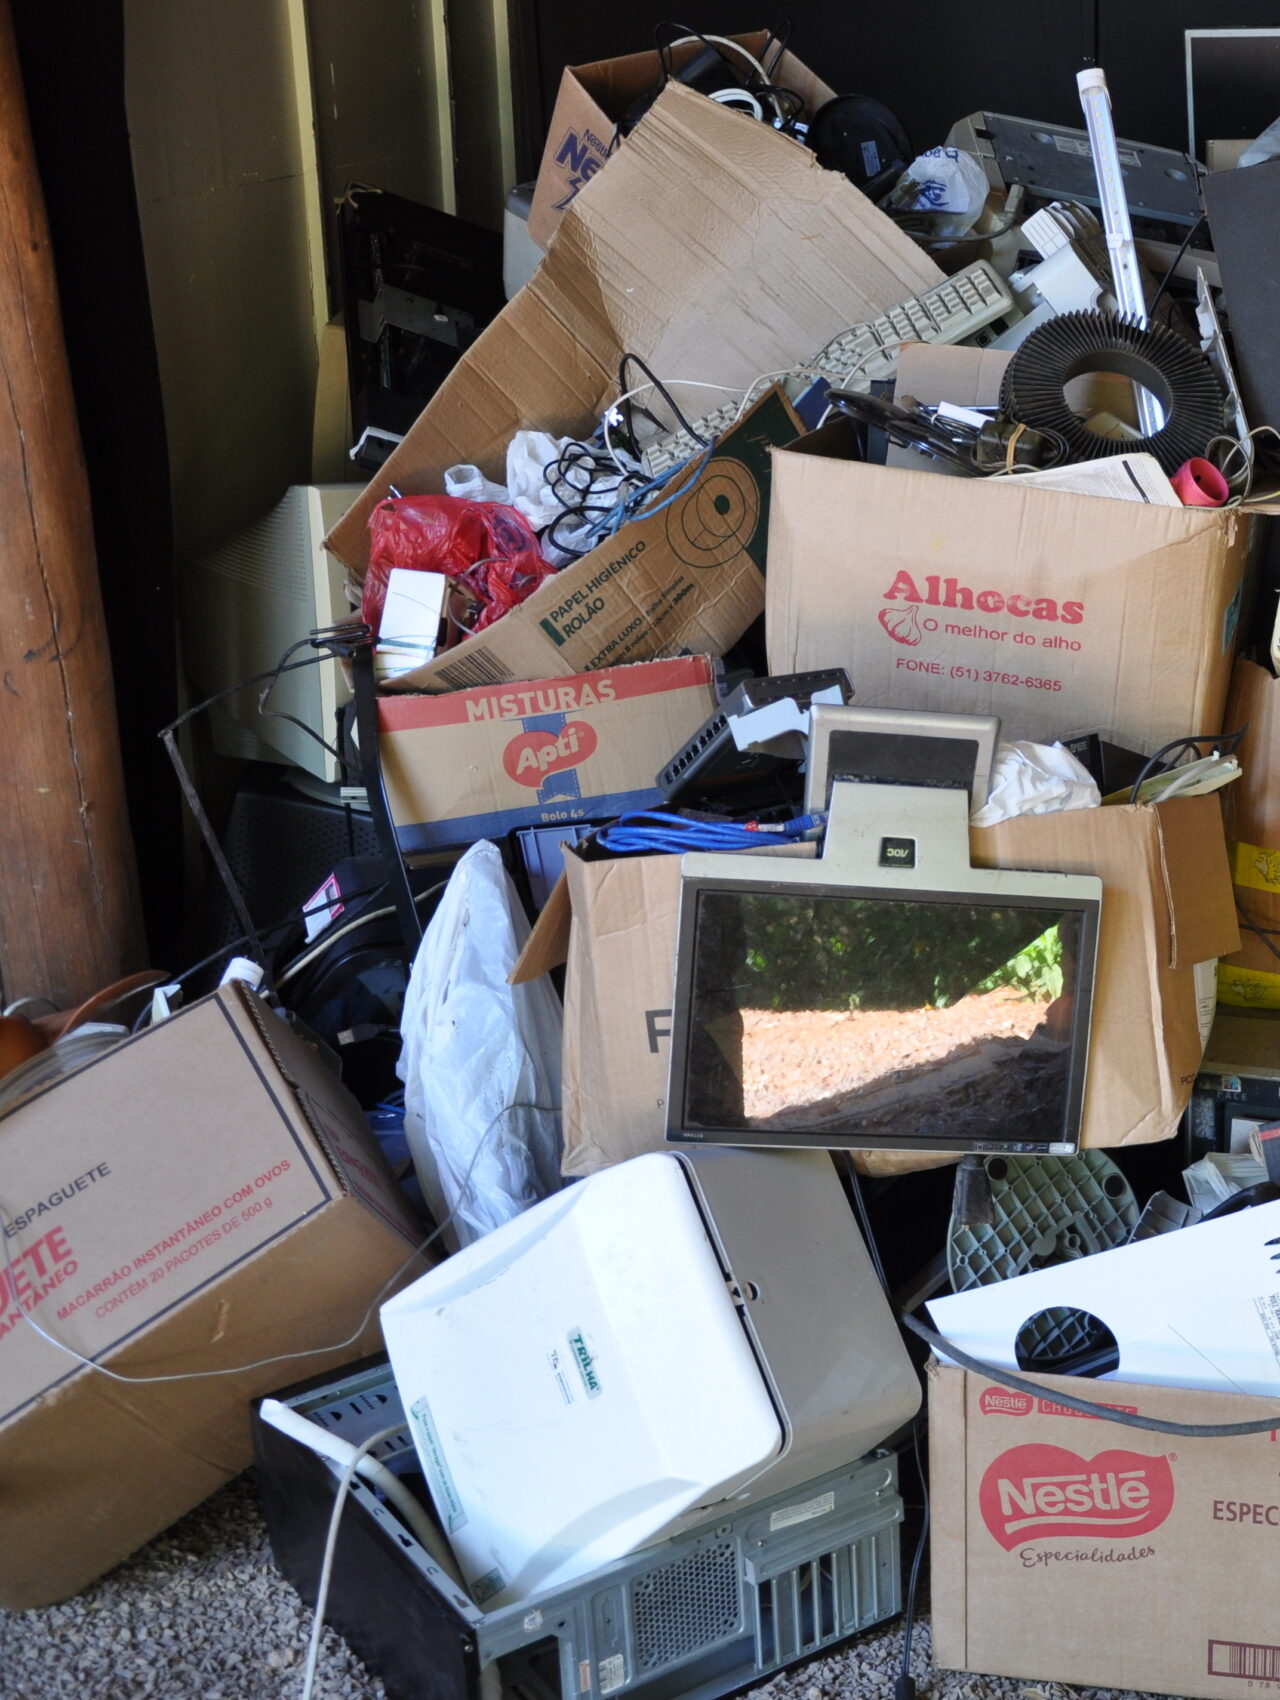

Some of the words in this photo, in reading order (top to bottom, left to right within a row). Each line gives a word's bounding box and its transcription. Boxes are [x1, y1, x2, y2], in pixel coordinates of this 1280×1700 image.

[549, 590, 588, 623] PAPEL
[585, 540, 646, 594] HIGIÊNICO
[883, 570, 1085, 625] Alhocas
[562, 596, 605, 638] ROLÃO
[923, 618, 938, 632] O
[945, 623, 1008, 642] melhor
[1013, 631, 1036, 646] do
[1042, 636, 1082, 651] alho
[591, 639, 618, 671] EXTRA
[617, 616, 642, 643] LUXO
[896, 658, 945, 675] FONE:
[950, 665, 979, 682] (51)
[983, 670, 1062, 691] 3762-6365
[465, 680, 616, 722] MISTURAS
[515, 728, 579, 775] Apti
[541, 811, 567, 822] Bolo
[570, 808, 584, 818] 4s
[886, 847, 909, 858] AOC
[3, 1162, 112, 1239] ESPAGUETE
[56, 1264, 132, 1321] MACARRÃO
[132, 1205, 223, 1269] INSTANTÂNEO
[223, 1184, 254, 1210] COM
[254, 1159, 291, 1189] OVOS
[95, 1278, 150, 1320] CONTÉM
[149, 1268, 165, 1284] 20
[165, 1229, 222, 1274] PACOTES
[222, 1218, 241, 1235] DE
[242, 1200, 264, 1221] 500
[264, 1197, 273, 1209] g
[572, 1333, 599, 1393] TRILHA
[985, 1394, 1027, 1410] Nestlé
[998, 1470, 1150, 1516] Nestlé
[1020, 1545, 1156, 1568] Especialidades
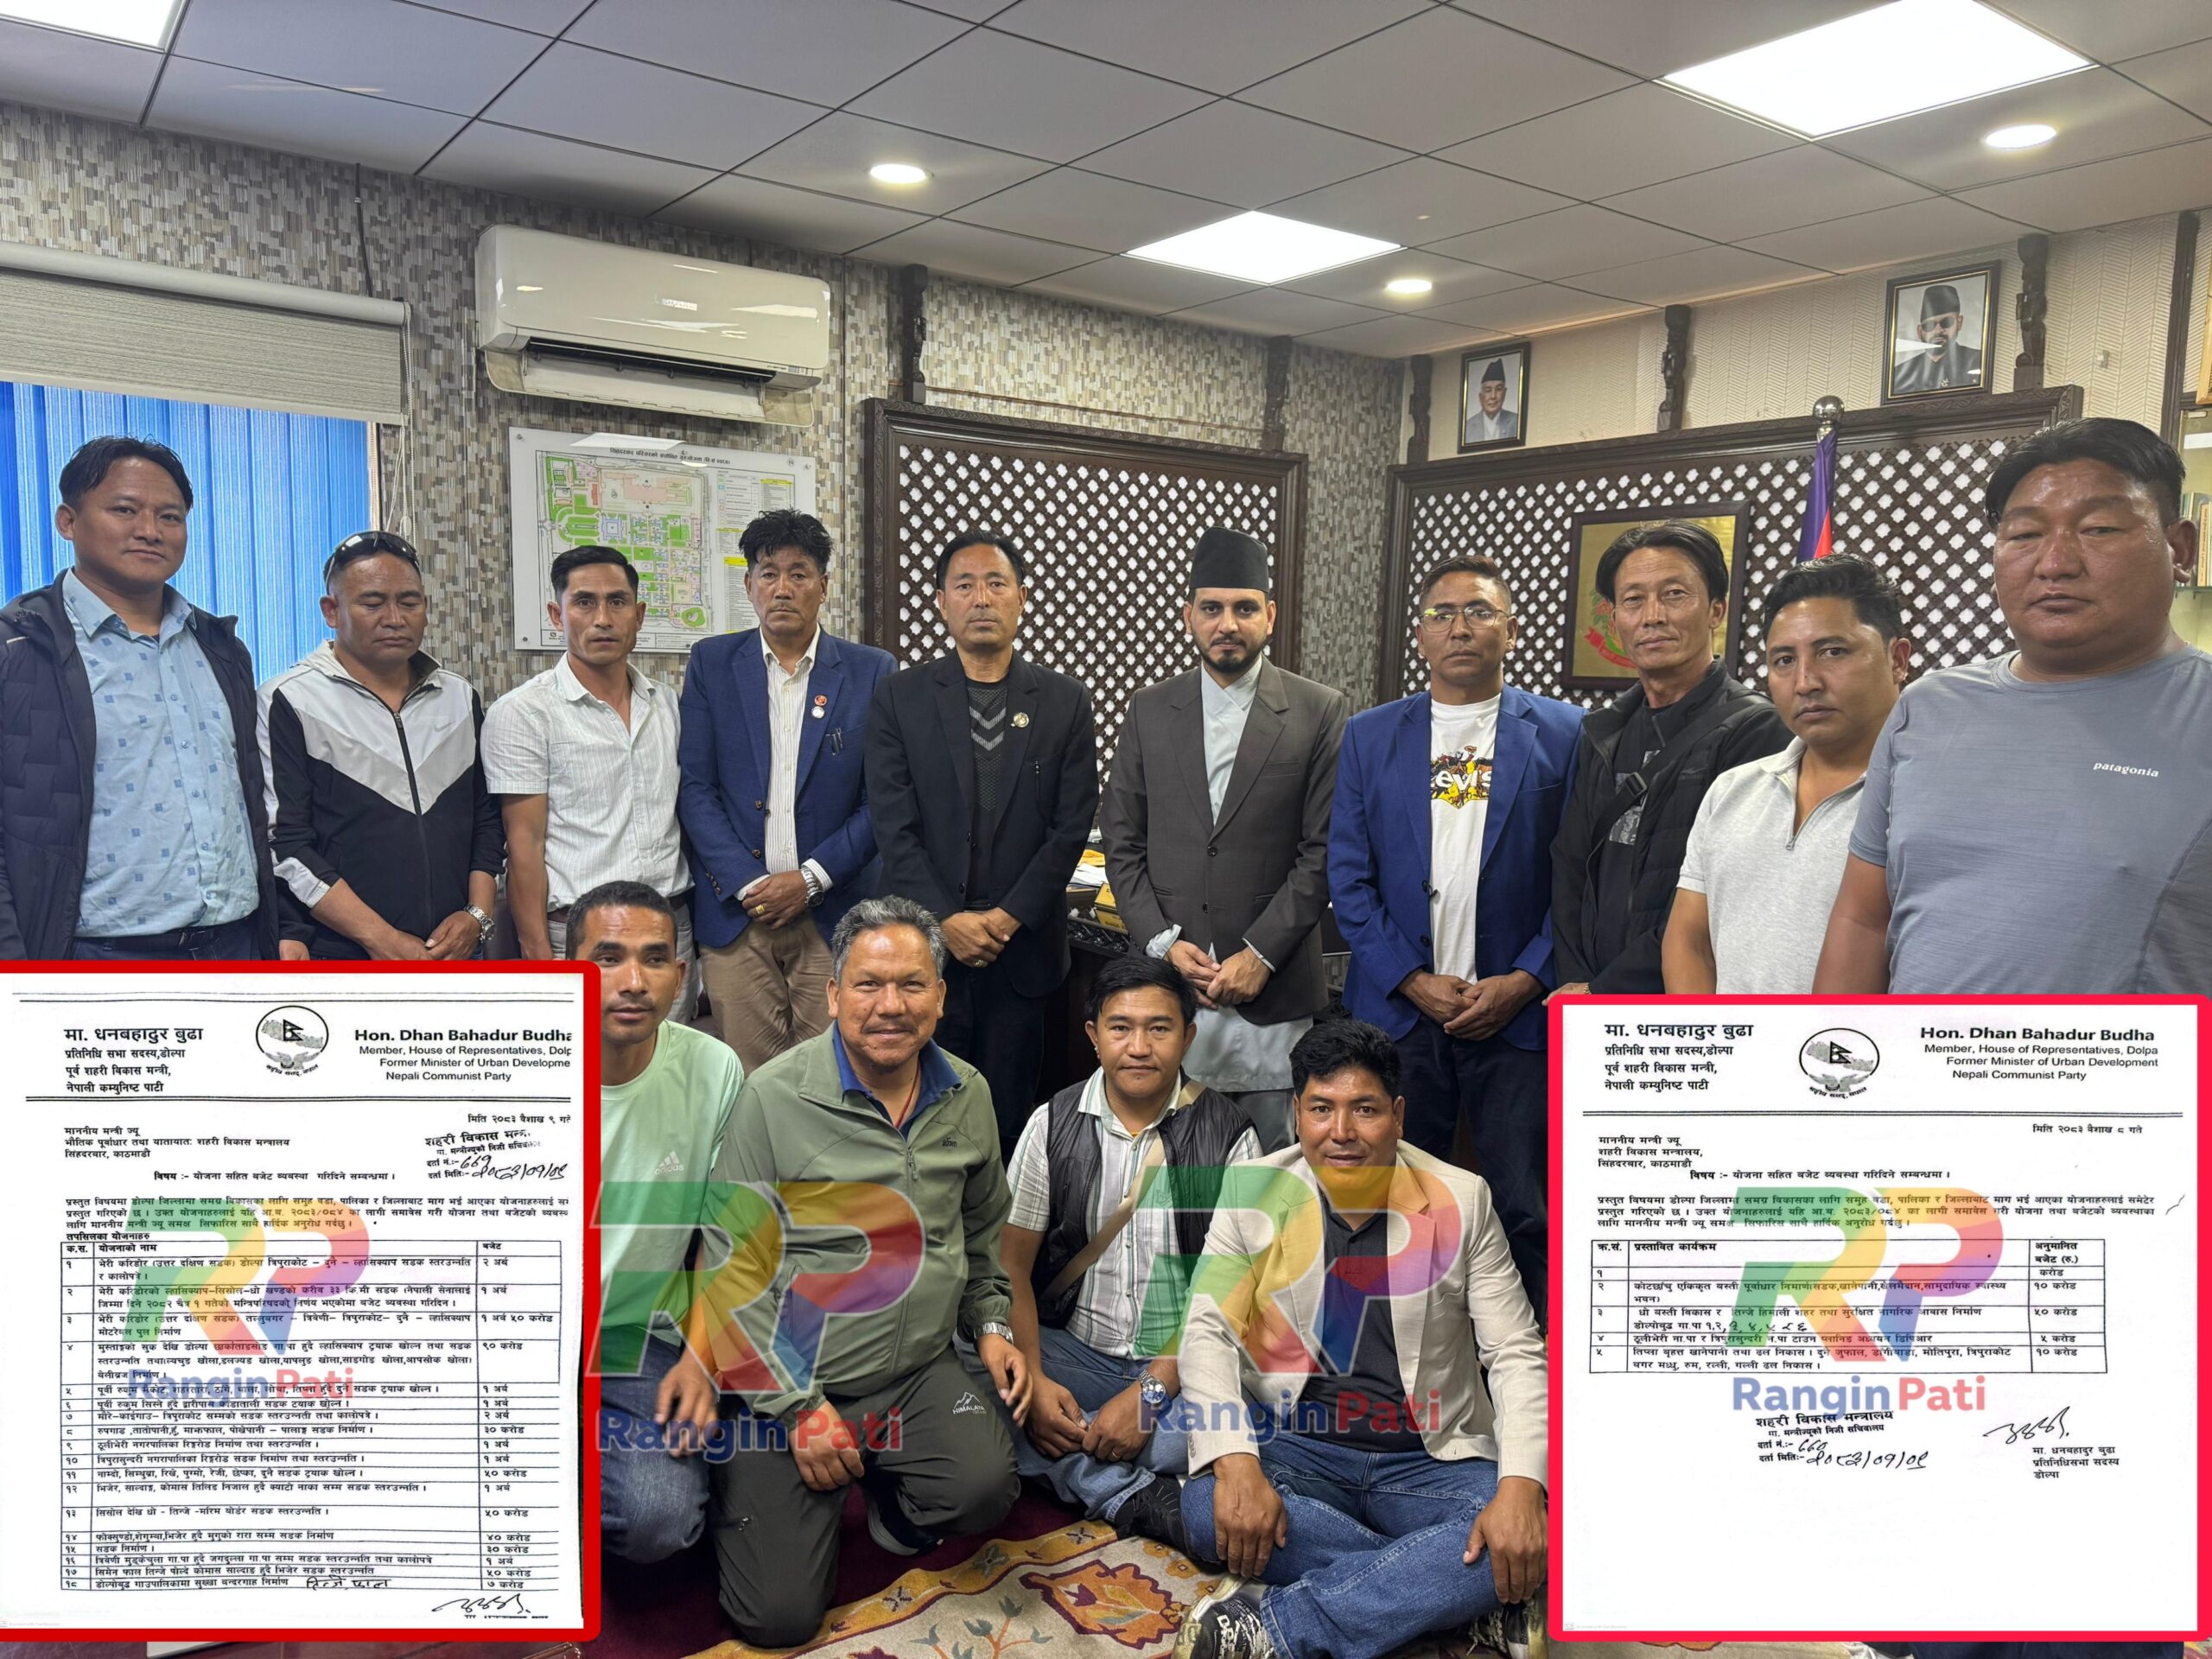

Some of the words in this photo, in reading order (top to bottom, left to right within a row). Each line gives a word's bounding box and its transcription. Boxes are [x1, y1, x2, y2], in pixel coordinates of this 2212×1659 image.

[2093, 762, 2159, 778] patagonia
[1430, 770, 1492, 791] evi's
[63, 1028, 88, 1041] मा.
[94, 1027, 169, 1045] धनबहादुर
[174, 1027, 204, 1044] बुढा
[354, 1029, 395, 1041] Hon.
[399, 1028, 443, 1041] Dhan
[448, 1028, 518, 1041] Bahadur
[1604, 1024, 1630, 1037] मा.
[1637, 1024, 1718, 1041] धनबहादुर
[1721, 1024, 1755, 1040] बुढा
[1920, 1027, 1964, 1039] Hon.
[1969, 1027, 2017, 1039] Dhan
[2022, 1027, 2096, 1040] Bahadur
[2101, 1028, 2155, 1041] Budha
[64, 1046, 103, 1058] प्रतिनिधि
[106, 1049, 127, 1058] सभा
[359, 1046, 406, 1056] Member,
[409, 1046, 443, 1055] House
[445, 1046, 456, 1054] of
[458, 1046, 546, 1057] Representatives,
[1605, 1043, 1645, 1056] प्रतिनिधि
[1648, 1046, 1671, 1056] सभा
[1924, 1044, 1975, 1054] Member,
[1979, 1044, 2015, 1053] House
[2018, 1045, 2030, 1053] of
[2032, 1045, 2123, 1056] Representatives,
[2126, 1046, 2158, 1057] Dolpa
[379, 1058, 418, 1067] Former
[421, 1058, 461, 1067] Minister
[464, 1058, 475, 1067] of
[477, 1058, 509, 1067] Urban
[1946, 1056, 1988, 1065] Former
[1991, 1057, 2035, 1065] Minister
[2037, 1057, 2050, 1066] of
[2051, 1058, 2085, 1066] Urban
[2088, 1058, 2158, 1068] Development
[65, 1064, 80, 1078] पूर्व
[84, 1064, 109, 1077] शहरी
[111, 1064, 143, 1076] विकास
[145, 1063, 171, 1077] मन्त्री,
[1605, 1061, 1620, 1077] पूर्व
[1624, 1061, 1650, 1074] शहरी
[1653, 1061, 1687, 1073] विकास
[1690, 1060, 1718, 1075] मन्त्री,
[385, 1071, 420, 1082] Nepali
[422, 1071, 481, 1080] Communist
[484, 1071, 512, 1083] Party
[1952, 1070, 1988, 1080] Nepali
[1991, 1070, 2055, 1079] Communist
[2058, 1071, 2087, 1082] Party
[66, 1081, 96, 1093] नेपाली
[1604, 1078, 1636, 1090] नेपाली
[467, 1113, 487, 1123] मिति
[492, 1115, 516, 1123] २०८३
[63, 1125, 99, 1135] माननीय
[102, 1125, 124, 1135] मन्त्री
[2032, 1123, 2054, 1133] मिति
[2058, 1125, 2083, 1134] २०८३
[2128, 1125, 2143, 1134] गते
[196, 1136, 219, 1146] शहरी
[223, 1136, 252, 1146] विकास
[1598, 1135, 1636, 1144] माननीय
[1638, 1135, 1662, 1145] मन्त्री
[1598, 1146, 1623, 1156] शहरी
[1626, 1146, 1657, 1156] विकास
[154, 1170, 178, 1180] विषय
[193, 1171, 222, 1180] योजना
[225, 1171, 249, 1180] सहित
[316, 1171, 346, 1180] गरिदिने
[1689, 1169, 1716, 1180] विषय
[1732, 1169, 1764, 1179] योजना
[1767, 1169, 1793, 1179] सहित
[1863, 1169, 1896, 1179] गरिदिने
[98, 1242, 137, 1253] योजनाको
[2035, 1240, 2079, 1252] अनुमानित
[2039, 1267, 2064, 1277] करोड
[2034, 1281, 2048, 1290] १०
[2052, 1280, 2077, 1290] करोड
[2053, 1306, 2078, 1316] करोड
[499, 1340, 523, 1351] करोड
[1756, 1414, 1789, 1428] शहरी
[2093, 1458, 2120, 1466] सदस्य

— TASK REQUIREMENTS —
Copy out all lines above that include the string "pixel".

— EXERCISE OUTPUT —
Some of the words in this photo, in reading order (top to bottom, left to right within a row). Each line gives a word's bounding box and its transcription. Boxes are [x1, y1, x2, y2], in pixel coordinates of this 1280×1700 image.
Some of the words in this photo, in reading order (top to bottom, left to right within a row). Each line gives a word's bounding box and its transcription. Boxes are [x1, y1, x2, y2], in pixel coordinates of this 2212×1659 image.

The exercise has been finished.